I'll be the first to admit I've been dying for a friend to throw a movie-themed fancy dress party, just so I can don a red wig, purple silk gloves and the mandatory pout, strut into the room in eight inch heels and declare, "I'm not bad, I'm just drawn that way." Try and deny you haven't thought the same.
Essentially this is me confessing to idolising a character that is, in pretty much every sense, the male idea of sex incarnate?
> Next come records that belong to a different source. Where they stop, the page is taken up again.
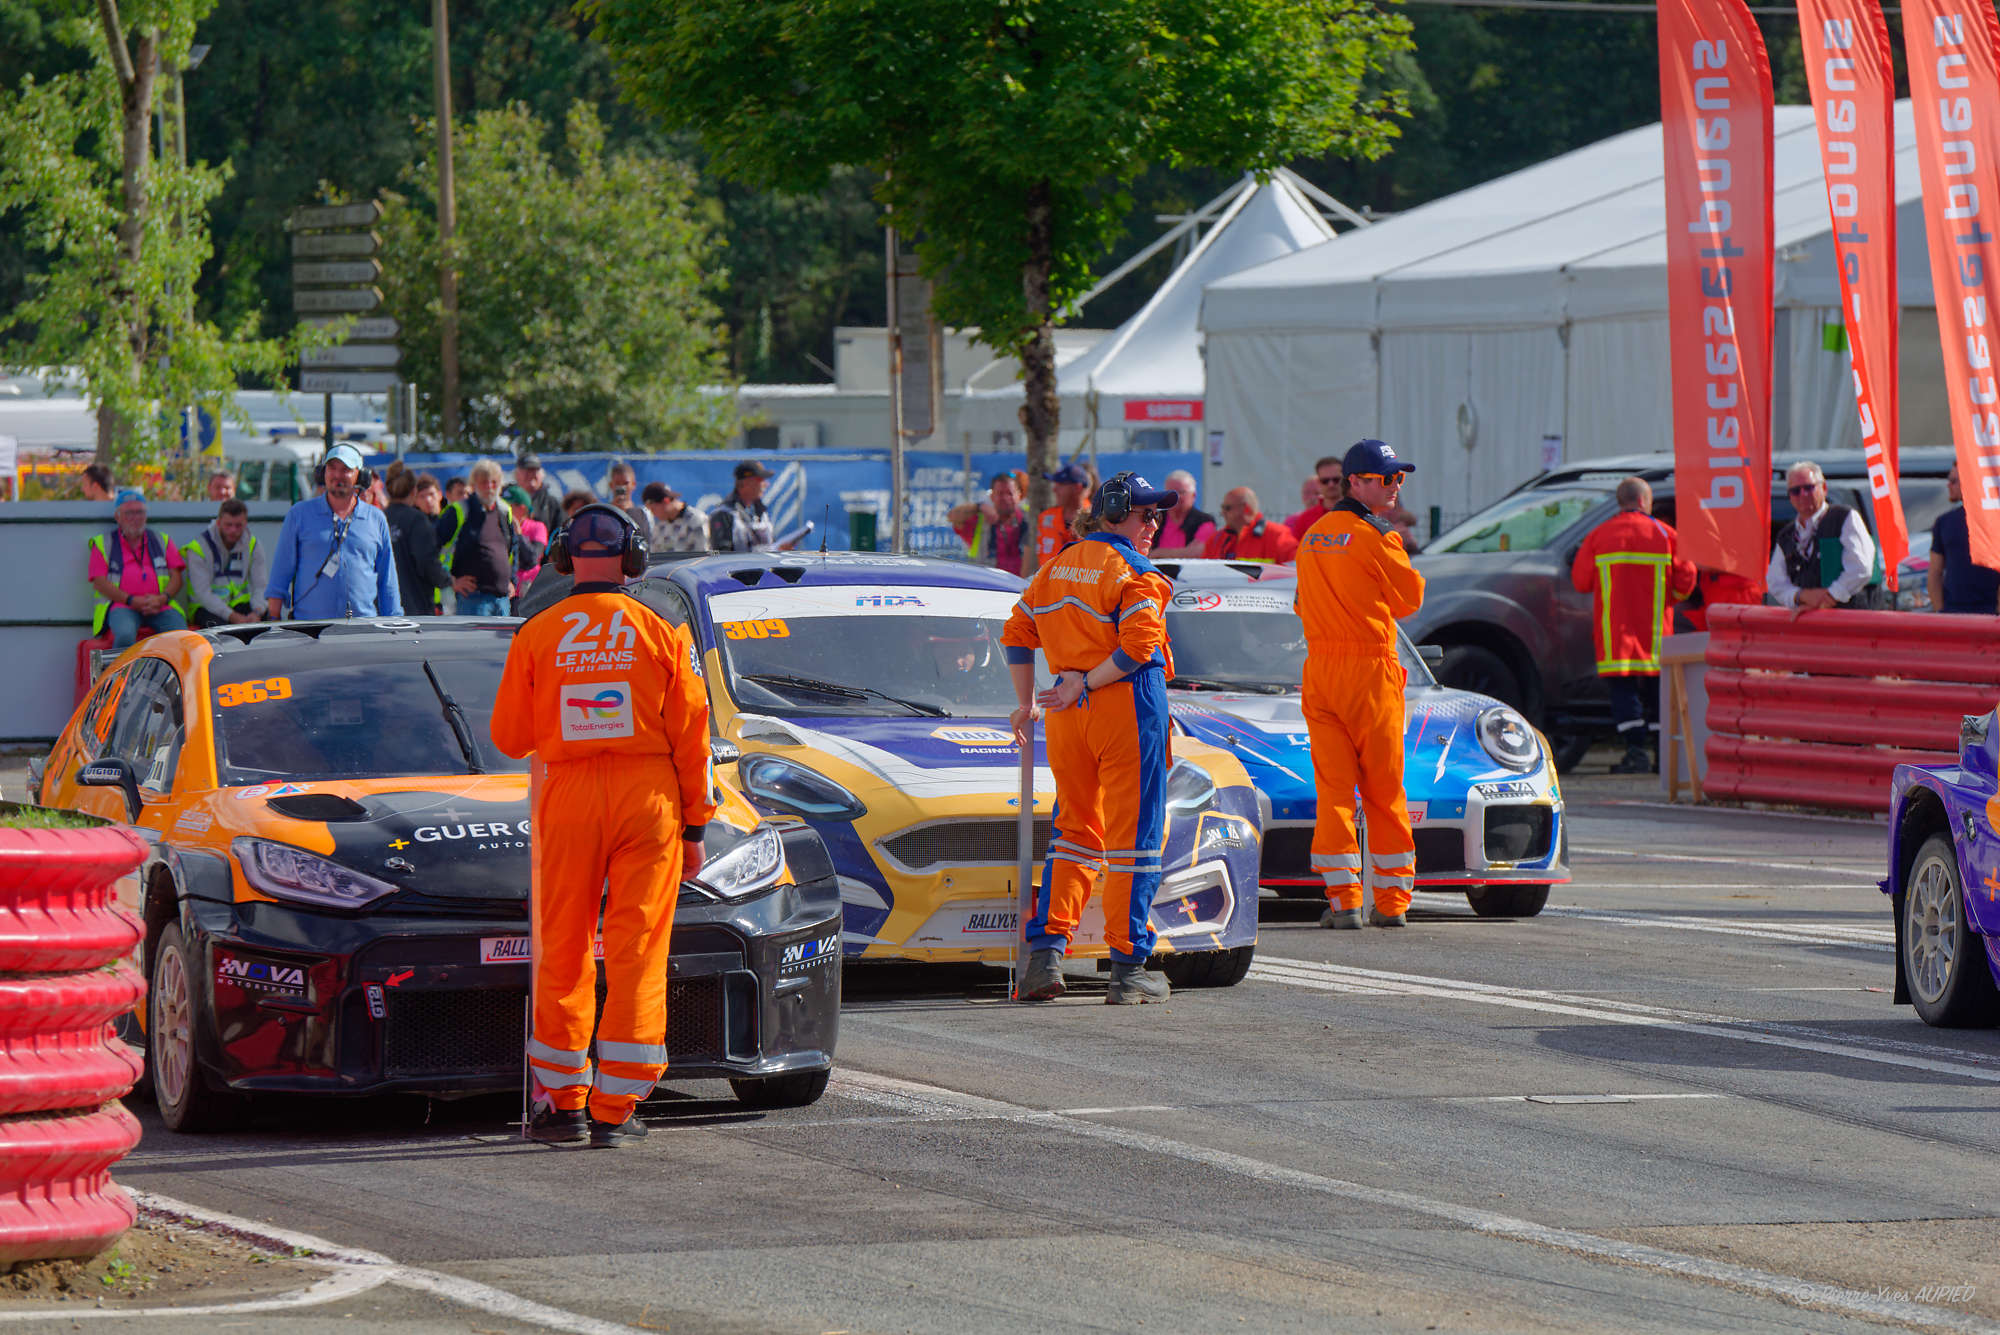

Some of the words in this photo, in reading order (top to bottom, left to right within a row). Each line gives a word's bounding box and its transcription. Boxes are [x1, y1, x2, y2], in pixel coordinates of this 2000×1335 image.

[1301, 533, 1346, 548] FFSA
[556, 609, 637, 653] 24h
[722, 618, 791, 640] 309
[555, 653, 578, 667] LE
[579, 650, 634, 665] MANS
[217, 676, 293, 708] 369
[570, 721, 625, 732] TotalEnergies
[942, 731, 1010, 741] NAPA
[413, 822, 513, 843] GUER
[478, 841, 531, 850] AUTO
[217, 978, 305, 996] MOTORSPORT
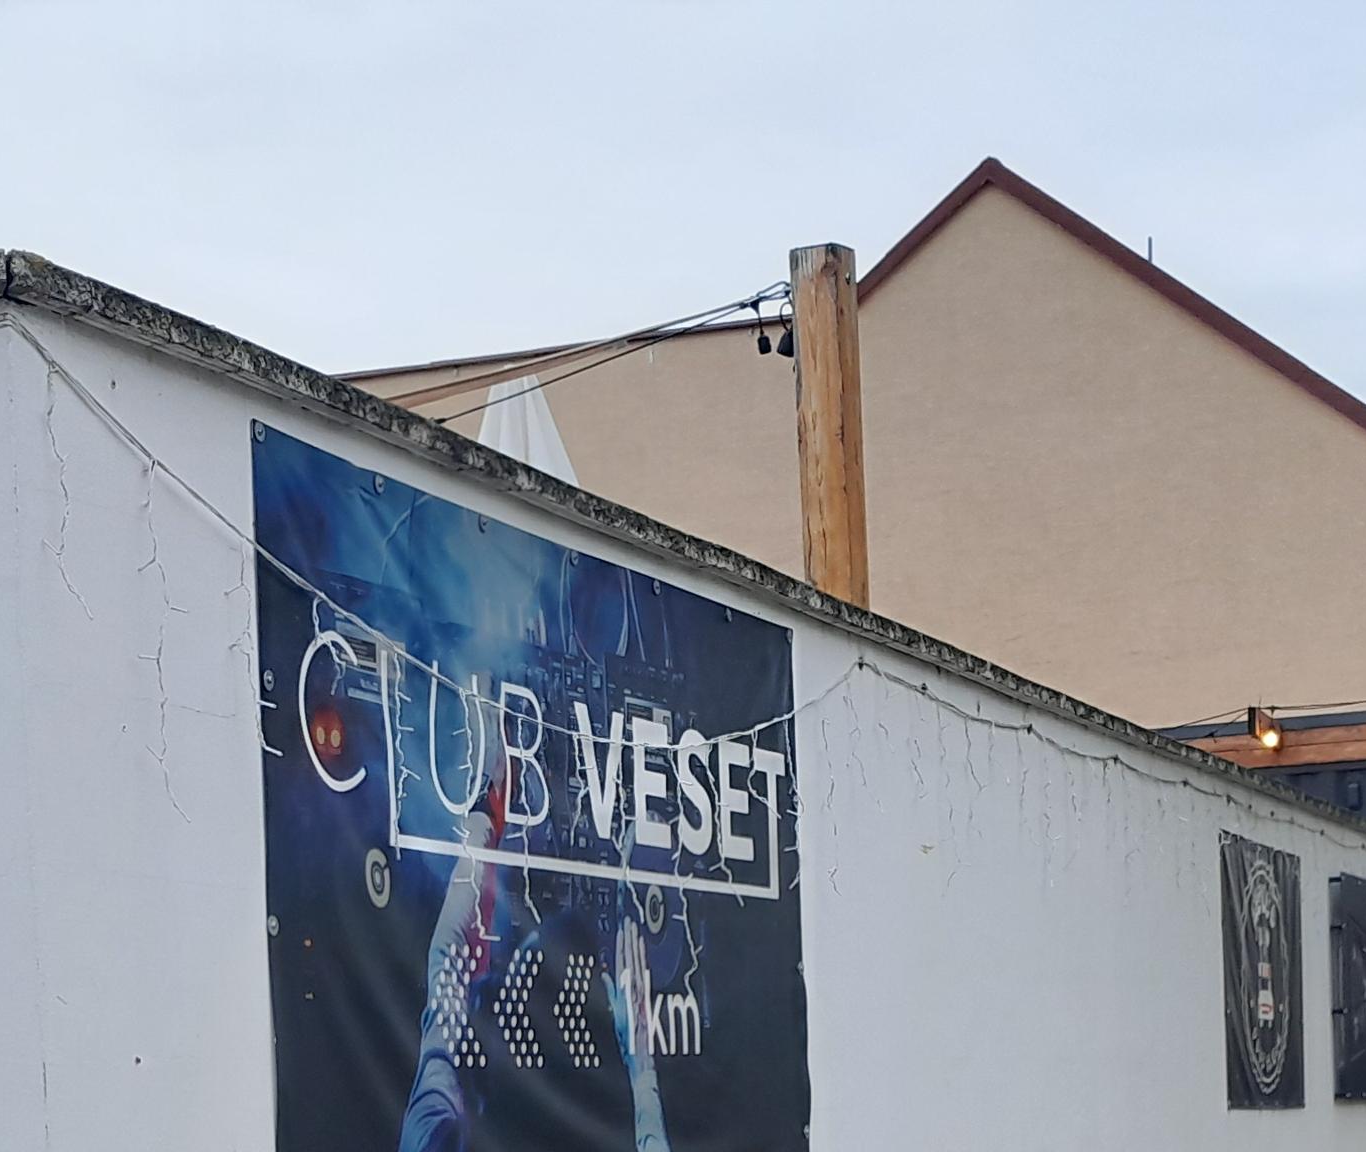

Sex incarnate born out of a Disney film, might I add, because that makes it creepier.
Upon writing this feature I asked a boy, a real life boy who has a bit of a thang for Jess (think posters all over his bedroom wall, probably has her tattooed on his bum etc. etc.) why he hearted her so much.
His response? "Because of everything. The hair, the voice, the swagger and the fact that she sticks by her man." Of course, by "man" he obviously meant rabbit, but that's beside the point. The boys love 'er for all the same reasons the gals do and, I'm not sure about you, but I reckon that's a rarity.
The only other fictional character on par with Roger Rabbit's better half is Miss Piggy and she kinda doesn't count because, being a puppet, she's actually tangible.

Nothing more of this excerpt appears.